Session Type: Poster Session A
Session Time: 8:30AM-10:30AM
Background/Purpose: Limited cutaneous SSc (lcSSc) affects approximately 60-70% of SSc patients but drug development and therapeutic research has largely focused on the more severe diffuse SSc. As a result, lcSSc has been rather neglected with respect to development of relevant outcome measures. To identify relevant candidate items (outcome measures) to include in a future combined response index for clinical trial assessment of lcSSc patients (the CRISTAL index: Combined Response Index for Scleroderma Trials Assessing Limited SSc), this qualitative study aimed to identify the most salient domains affecting everyday life from the patients’ perspective and to capture the overall symptom experience of lcSSc.
Methods: A participatory action research approach facilitated collaboration between patients and researchers in the identification of domains and candidate items that lcSSc patients consider most important (i.e., symptoms that are most bothersome and affect daily life). Focus groups with lcSSc were conducted using a predefined guide with 10 open-ended questions. The number of focus groups was determined by data saturation. Focus groups were recorded, transcribed verbatim, and de-identified. A hierarchical taxonomy of domains/outcomes and experience-related themes was developed using an iterative, deductive and inductive approach with two independent coders. Throughout the coding process, the codebook was revised and edited in a collaborative process that included a patient partner as co-investigator.
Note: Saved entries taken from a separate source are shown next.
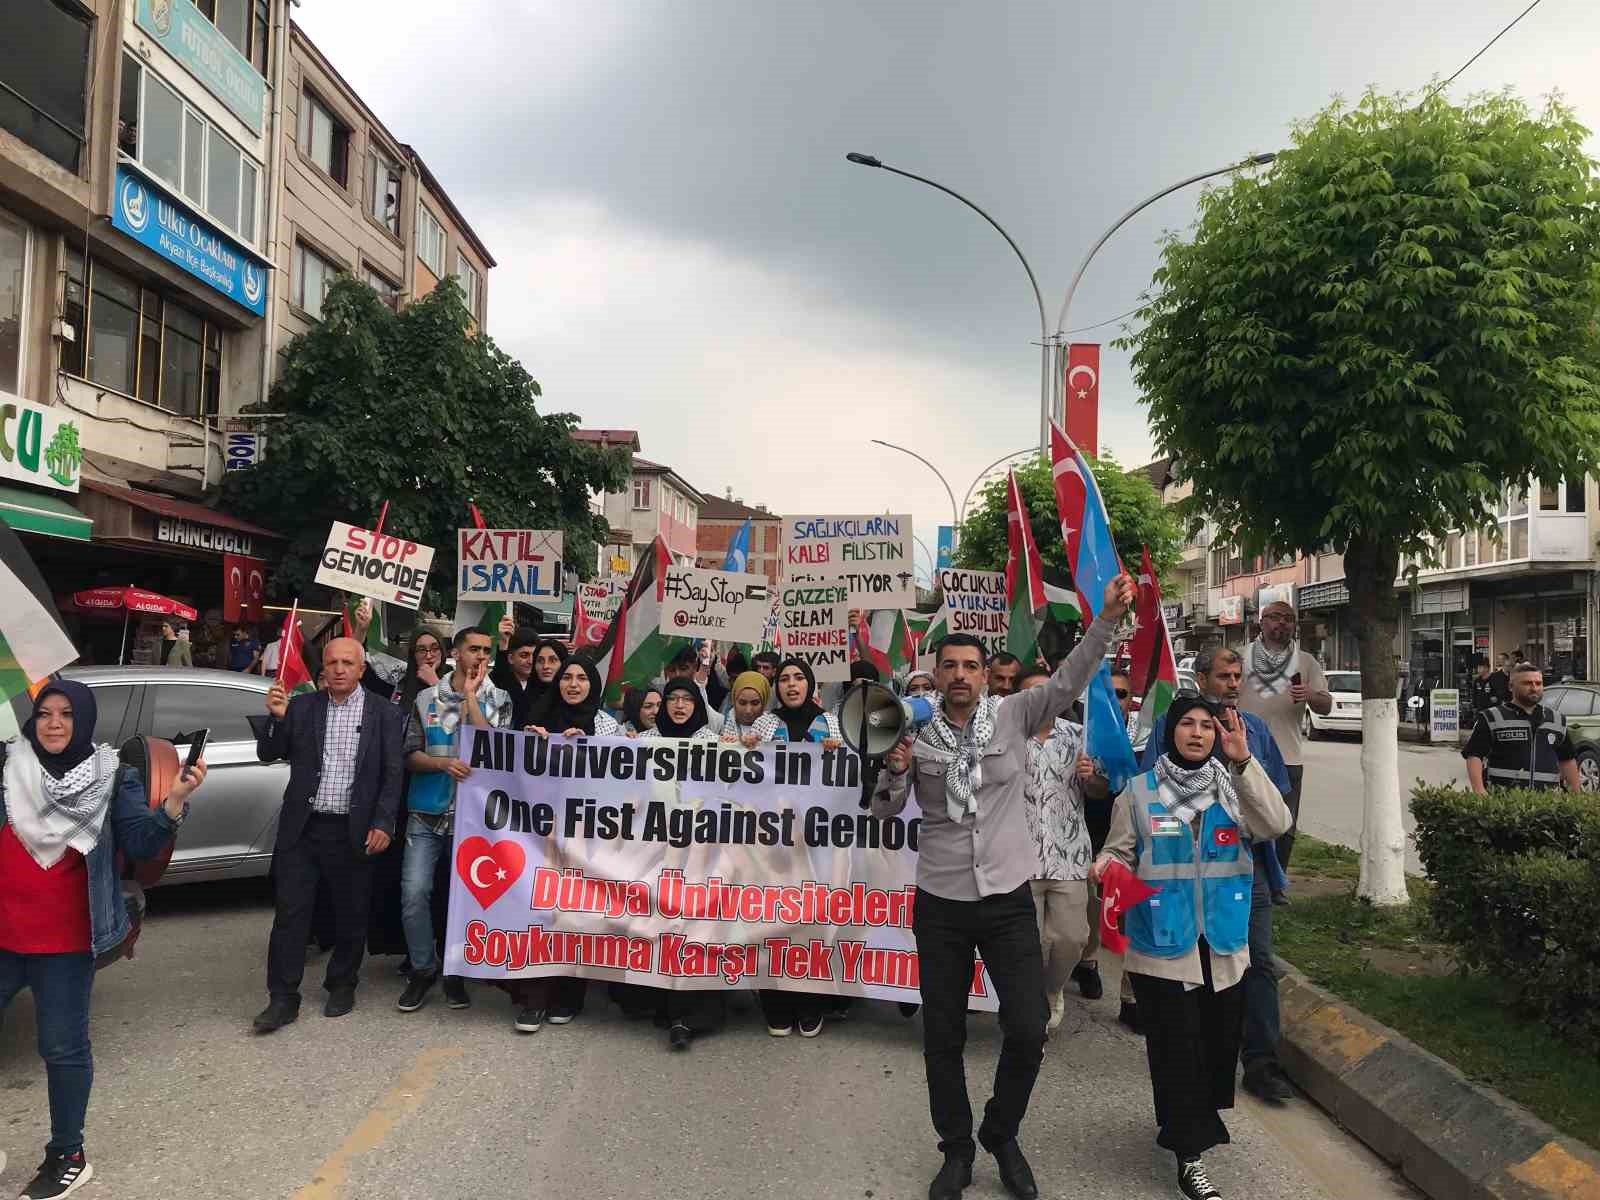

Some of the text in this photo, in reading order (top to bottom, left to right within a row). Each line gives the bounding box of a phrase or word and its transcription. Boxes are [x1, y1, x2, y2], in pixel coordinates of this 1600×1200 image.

[346, 527, 417, 563] STOP
[794, 517, 899, 539] SAĞLIKÇILARIN
[321, 547, 427, 592] GENOCIDE
[789, 542, 830, 565] KALBİ
[838, 573, 893, 593] TIYOR
[784, 608, 833, 628] SELAM
[471, 729, 861, 787] All Universities in th
[484, 790, 554, 836] One
[564, 798, 635, 841] Fist
[642, 802, 795, 848] Against
[530, 866, 651, 919] Dünya
[464, 919, 654, 972] Soykırıma
[657, 933, 760, 986] Karşı
[765, 937, 835, 981] Tek
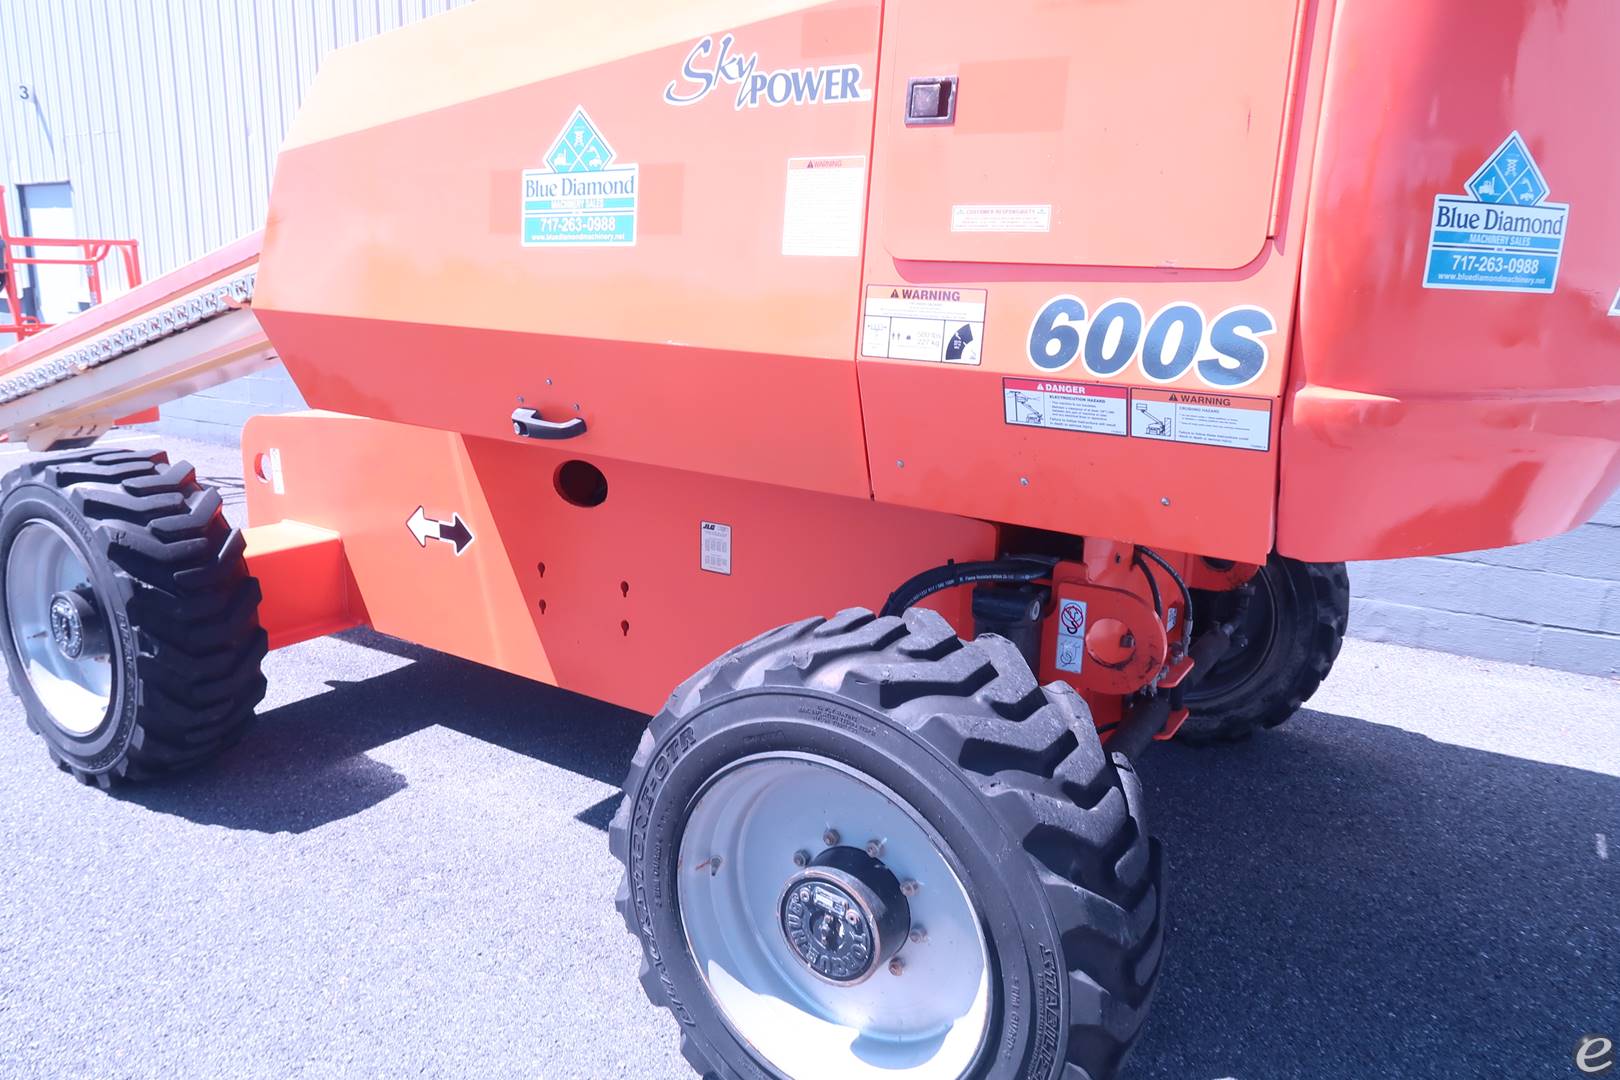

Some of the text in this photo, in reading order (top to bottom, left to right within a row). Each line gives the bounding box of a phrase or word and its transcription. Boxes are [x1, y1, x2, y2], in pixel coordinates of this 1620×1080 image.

[666, 37, 860, 107] Sky POWER
[19, 85, 29, 99] 3
[526, 174, 635, 197] Blue Diamond
[541, 216, 616, 232] 717-263-0988
[1435, 205, 1564, 235] Blue Diamond
[1469, 234, 1531, 246] MACHINERY SALES
[1452, 255, 1539, 274] 717-263-0988
[902, 289, 960, 301] WARNING
[1030, 298, 1273, 386] 600S
[1046, 384, 1086, 394] DANGER
[1180, 394, 1231, 406] WARNING
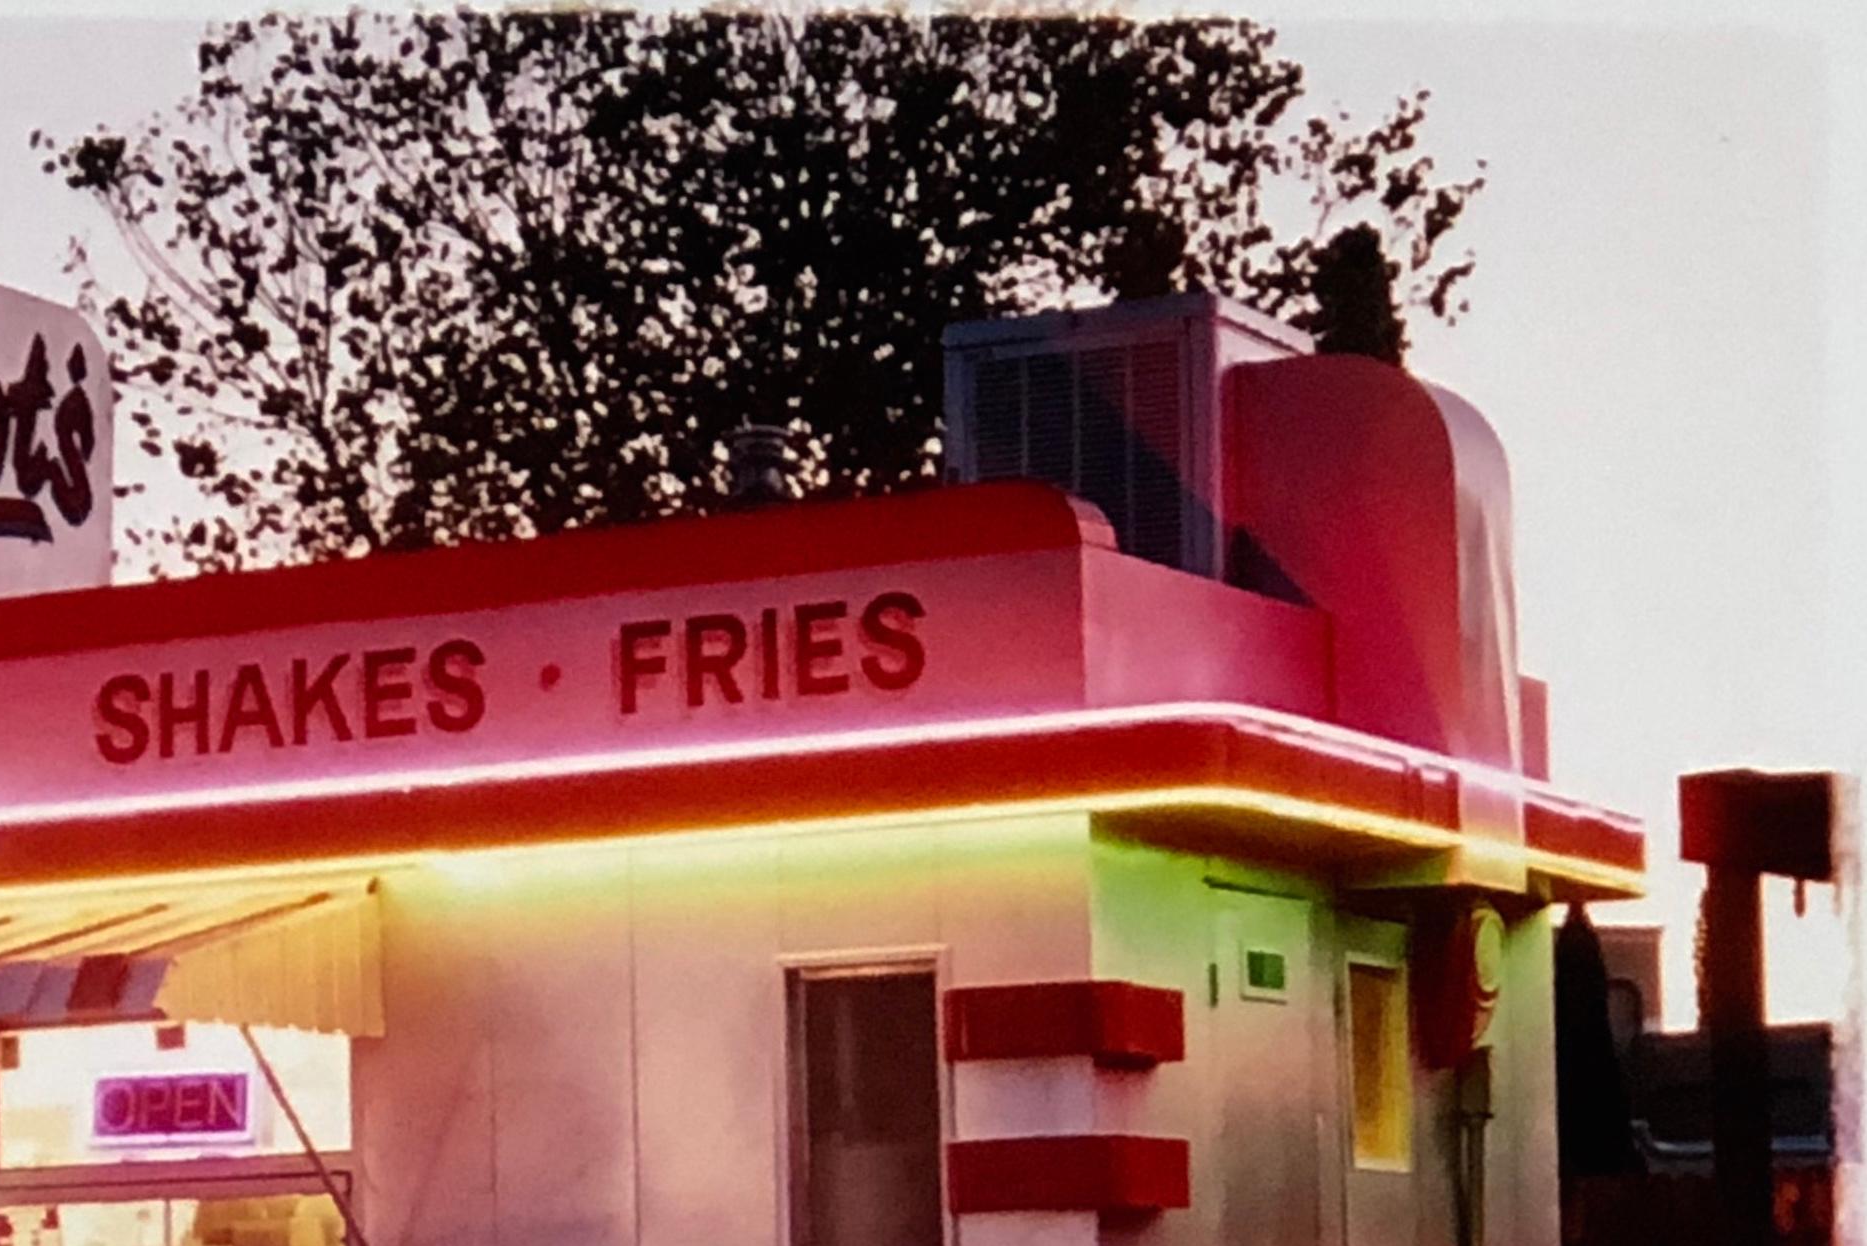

Results: Twenty-six patients with lcSSc (median age 56 yo (25-77yo); 42% with early disease< 5 years, 15.4% >20 years) from the University of Michigan were included in 4 focus groups lasting 2-hours each. One group included only men; two were only women; and one was with both sexes. Twenty-two domains were identified, comprising 93 symptoms and/or outcomes. Eight domains were reported in all four focus groups: fatigue, digital ulcers, gastro-intestinal involvement, Raynaud’s phenomenon, pulmonary involvement, cardiac involvement, musculoskeletal manifestations and skin involvement (Table 1). The 14 remaining domains notably included calcinosis, sicca syndrome, sexual health and survival. In terms of symptom experience, 6 themes were identified: difficulty in conceptualizing the disease, experiencing the temporality of SSc-related symptoms, uncertainty, need for coping and better management, impact of the symptoms on functioning (comprising social, mental and physical functioning) and impact of the symptoms on emotional well-being. The connections between these themes are represented in a preliminary conceptual map (Figure 1).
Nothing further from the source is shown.